Additional examples of how to use OONI data can be found in the Data analysis section of the magma guide: How to use OONI data.
# RIPE
RIPE is the regional Internet registry for Europe, the Middle East, and parts of Central Asia. As such, it allocates and registers blocks of Internet number resources to Internet service providers (ISPs) and other organizations. The not-for-profit organization works to support the RIPE (Réseaux IP Européens) community and the wider Internet community. The RIPE NCC membership consists primarily of Internet service providers, telecommunication organizations, and large corporations.
RIPE provides a variety of data sources including public measurements and BGP announcement data. Relevant tools and data include:
- BGPlay (an advanced RIPEstat widget to visualize BGP routing information)
- Routing Information Service (RIS) raw data
- Global certificate and ROA statistics
# Wehe
Wehe is a research project based out of Northeastern University, the University of Massachusetts – Amherst, and Stony Brook University that collects data on ISP traffic differentiation (typically bandwidth throttling).
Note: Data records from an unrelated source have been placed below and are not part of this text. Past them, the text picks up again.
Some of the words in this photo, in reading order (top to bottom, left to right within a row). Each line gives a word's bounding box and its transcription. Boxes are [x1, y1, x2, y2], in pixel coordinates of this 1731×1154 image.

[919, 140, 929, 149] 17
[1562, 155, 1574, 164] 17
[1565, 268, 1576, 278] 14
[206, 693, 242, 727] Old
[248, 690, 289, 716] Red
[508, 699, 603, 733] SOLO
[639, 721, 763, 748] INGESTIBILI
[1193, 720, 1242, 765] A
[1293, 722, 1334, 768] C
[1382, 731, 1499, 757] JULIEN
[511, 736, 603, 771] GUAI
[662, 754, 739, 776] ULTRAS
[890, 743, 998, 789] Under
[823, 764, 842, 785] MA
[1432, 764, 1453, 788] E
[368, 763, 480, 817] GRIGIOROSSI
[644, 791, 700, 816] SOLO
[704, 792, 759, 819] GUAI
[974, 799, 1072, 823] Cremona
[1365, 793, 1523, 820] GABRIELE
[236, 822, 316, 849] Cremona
The project performs network measurements for popular applications such as YouTube, Netflix, Amazon Prime Video, Spotify, Skype, and NBC Sports.
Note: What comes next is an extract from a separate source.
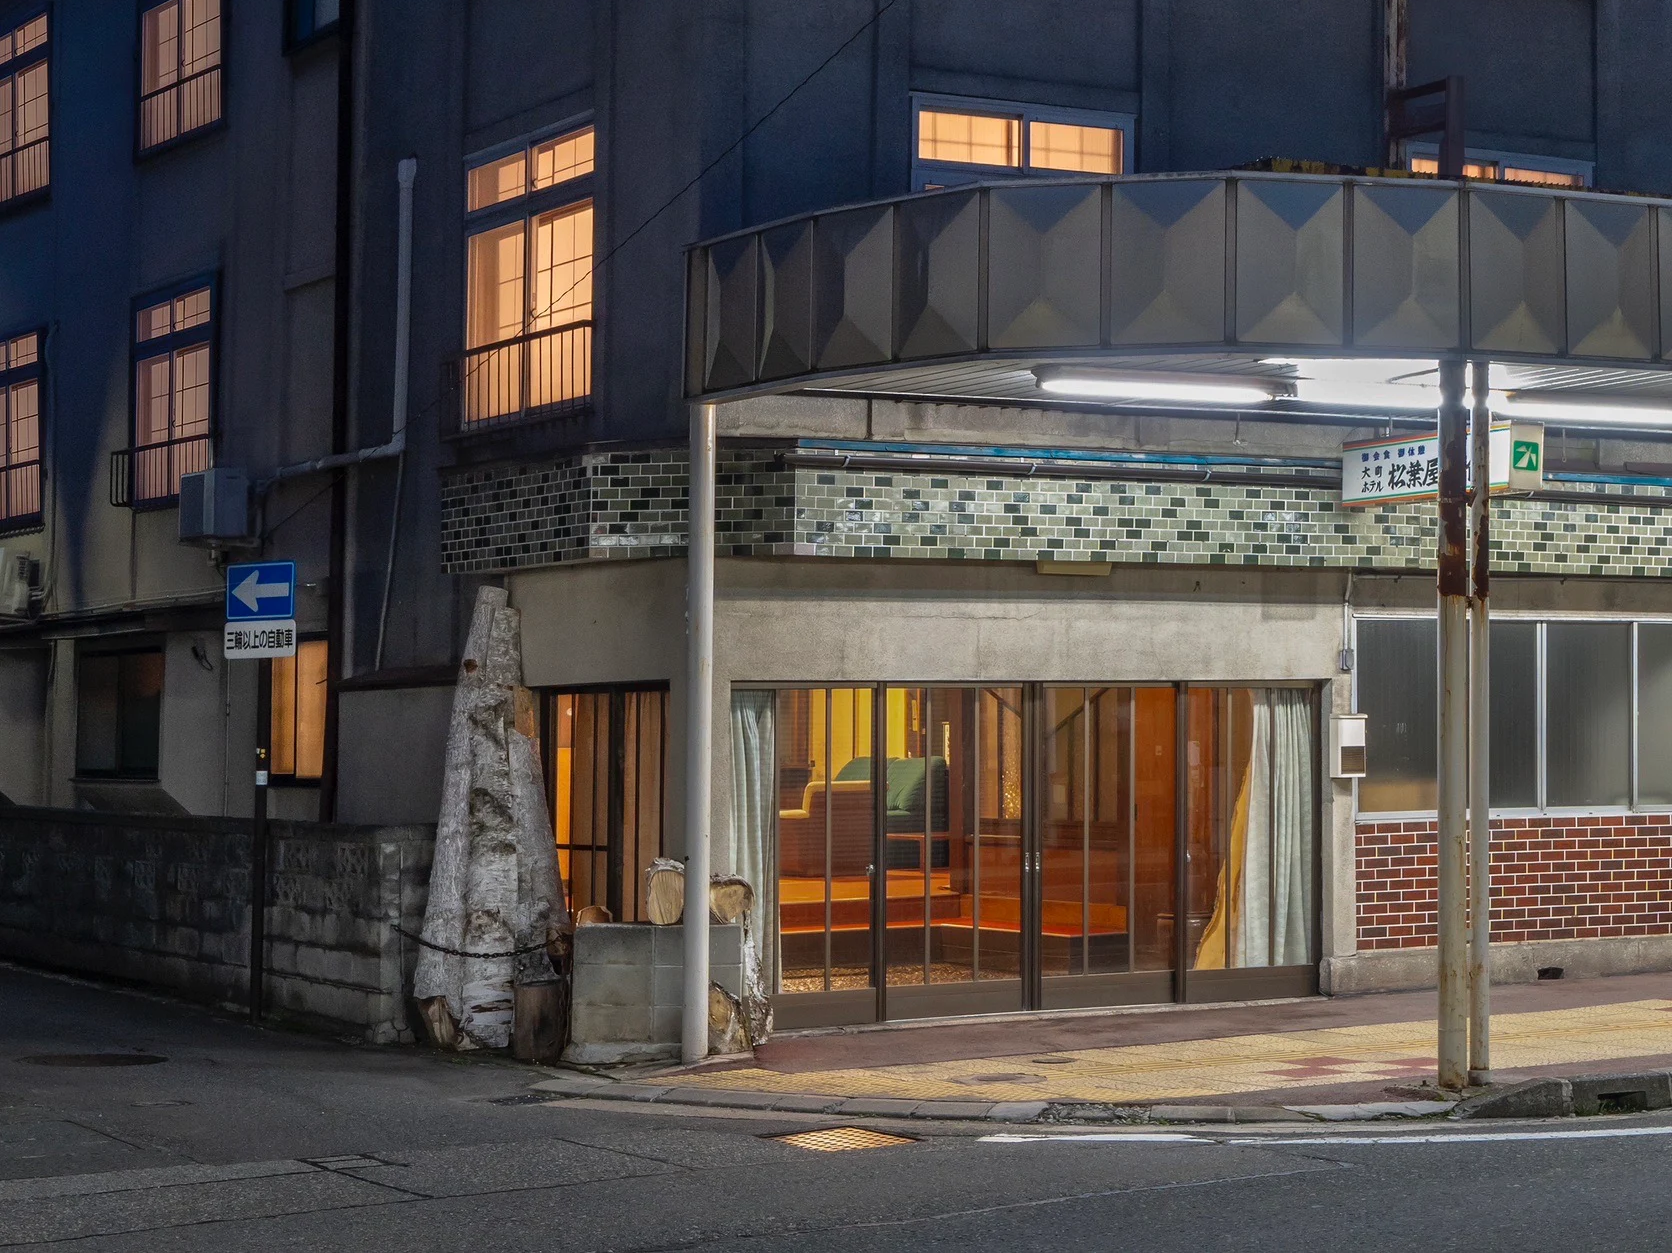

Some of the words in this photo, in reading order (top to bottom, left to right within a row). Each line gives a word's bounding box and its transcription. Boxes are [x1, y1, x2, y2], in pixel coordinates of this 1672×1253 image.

[1361, 465, 1383, 479] 大町
[1361, 480, 1384, 493] ホテル
[226, 628, 293, 650] 三輪以上の自動車
Wehe's data collected after November 2018 can be found here. The code and scripts used to analyze Wehe data (including a sample dataset) can be found here.
# Rapid7 Labs
Rapid7 Labs is the research arm of Rapid7. Its website offers “researchers and community members open access to data from Project Sonar, which conducts internet-wide surveys to gain insights into global exposure to common vulnerabilities.” Key datasets are detailed below:
# 'FDNS' dataset
Forward DNS (FDNS) dataset contains the responses to DNS requests for all forward DNS names known by Rapid7's Project Sonar. Until early November 2017, all of these were for the 'ANY' record with a fallback A and AAAA request if necessary. After that time, the ANY study represents only the responses to ANY requests, and dedicated studies were created for the A, AAAA, CNAME, and TXT record lookups with appropriately named files. The file is a GZIP compressed file containing the name, type, value, and timestamp of any returned records for a given name in JSON format.
# 'RDNS' dataset
Reverse DNS (RDNS) dataset includes the responses to the IPv4 PTR lookups for all non-blacklisted/private IPv4 addresses.
# 'HTTP' dataset
HTTP GET Responses dataset contains the responses to HTTP/1.1 GET requests performed against a variety of IPv4 public HTTP endpoints.
# 'HTTPS' dataset
HTTPS GET Responses dataset contains the responses to HTTP/1.1 GET requests against various HTTPS ports.
# 'SSL' datasets
# Common port (443 port) SSL dataset
SSL Certificates dataset contains X.509 certificate metadata observed when communicating with HTTPS endpoints.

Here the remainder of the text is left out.